-- Problem requirements --
Can you quote exactly the stretch of lines from the one with "this 2576×1449 image." through the final line of the material, both ends included?

-- Records provided --
--
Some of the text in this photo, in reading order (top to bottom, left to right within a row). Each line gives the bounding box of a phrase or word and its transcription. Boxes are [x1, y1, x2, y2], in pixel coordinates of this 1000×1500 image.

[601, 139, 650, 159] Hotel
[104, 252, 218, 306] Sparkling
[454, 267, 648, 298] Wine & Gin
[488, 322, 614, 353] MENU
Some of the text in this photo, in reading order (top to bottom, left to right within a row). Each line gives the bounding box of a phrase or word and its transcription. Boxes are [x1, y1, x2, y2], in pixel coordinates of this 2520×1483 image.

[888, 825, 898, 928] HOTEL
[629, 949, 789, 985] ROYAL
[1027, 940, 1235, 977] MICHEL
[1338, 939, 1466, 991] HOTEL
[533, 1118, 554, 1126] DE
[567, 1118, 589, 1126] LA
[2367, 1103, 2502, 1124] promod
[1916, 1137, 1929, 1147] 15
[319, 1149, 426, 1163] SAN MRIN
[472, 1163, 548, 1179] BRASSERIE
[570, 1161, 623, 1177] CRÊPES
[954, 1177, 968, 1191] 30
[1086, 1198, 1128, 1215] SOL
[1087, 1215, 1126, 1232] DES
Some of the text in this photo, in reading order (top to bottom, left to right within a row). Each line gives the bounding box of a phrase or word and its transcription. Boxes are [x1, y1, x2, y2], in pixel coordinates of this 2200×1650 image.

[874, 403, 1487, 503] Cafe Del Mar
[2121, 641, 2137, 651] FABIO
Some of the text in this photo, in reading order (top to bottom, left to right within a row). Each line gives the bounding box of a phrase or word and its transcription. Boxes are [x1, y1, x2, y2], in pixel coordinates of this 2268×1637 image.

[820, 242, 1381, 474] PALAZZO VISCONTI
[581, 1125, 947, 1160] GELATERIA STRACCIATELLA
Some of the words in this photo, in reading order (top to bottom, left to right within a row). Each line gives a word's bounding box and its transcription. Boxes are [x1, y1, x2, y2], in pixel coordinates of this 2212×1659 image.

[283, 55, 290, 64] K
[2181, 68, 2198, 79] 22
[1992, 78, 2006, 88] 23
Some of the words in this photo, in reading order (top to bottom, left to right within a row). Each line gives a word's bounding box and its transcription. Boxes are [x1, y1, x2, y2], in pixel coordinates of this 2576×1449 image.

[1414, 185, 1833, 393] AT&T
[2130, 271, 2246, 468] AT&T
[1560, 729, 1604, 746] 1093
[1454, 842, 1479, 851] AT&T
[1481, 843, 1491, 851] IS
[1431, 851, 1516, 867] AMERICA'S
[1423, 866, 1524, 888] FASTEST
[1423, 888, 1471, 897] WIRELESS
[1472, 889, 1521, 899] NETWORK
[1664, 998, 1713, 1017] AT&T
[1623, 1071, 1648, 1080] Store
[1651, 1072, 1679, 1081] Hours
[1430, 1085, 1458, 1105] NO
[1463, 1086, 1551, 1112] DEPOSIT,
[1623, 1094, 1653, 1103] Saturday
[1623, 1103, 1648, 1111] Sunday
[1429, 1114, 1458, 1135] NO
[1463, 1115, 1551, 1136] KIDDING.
--
-- Response area --
Some of the words in this photo, in reading order (top to bottom, left to right within a row). Each line gives a word's bounding box and its transcription. Boxes are [x1, y1, x2, y2], in pixel coordinates of this 2576×1449 image.

[1414, 185, 1833, 393] AT&T
[2130, 271, 2246, 468] AT&T
[1560, 729, 1604, 746] 1093
[1454, 842, 1479, 851] AT&T
[1481, 843, 1491, 851] IS
[1431, 851, 1516, 867] AMERICA'S
[1423, 866, 1524, 888] FASTEST
[1423, 888, 1471, 897] WIRELESS
[1472, 889, 1521, 899] NETWORK
[1664, 998, 1713, 1017] AT&T
[1623, 1071, 1648, 1080] Store
[1651, 1072, 1679, 1081] Hours
[1430, 1085, 1458, 1105] NO
[1463, 1086, 1551, 1112] DEPOSIT,
[1623, 1094, 1653, 1103] Saturday
[1623, 1103, 1648, 1111] Sunday
[1429, 1114, 1458, 1135] NO
[1463, 1115, 1551, 1136] KIDDING.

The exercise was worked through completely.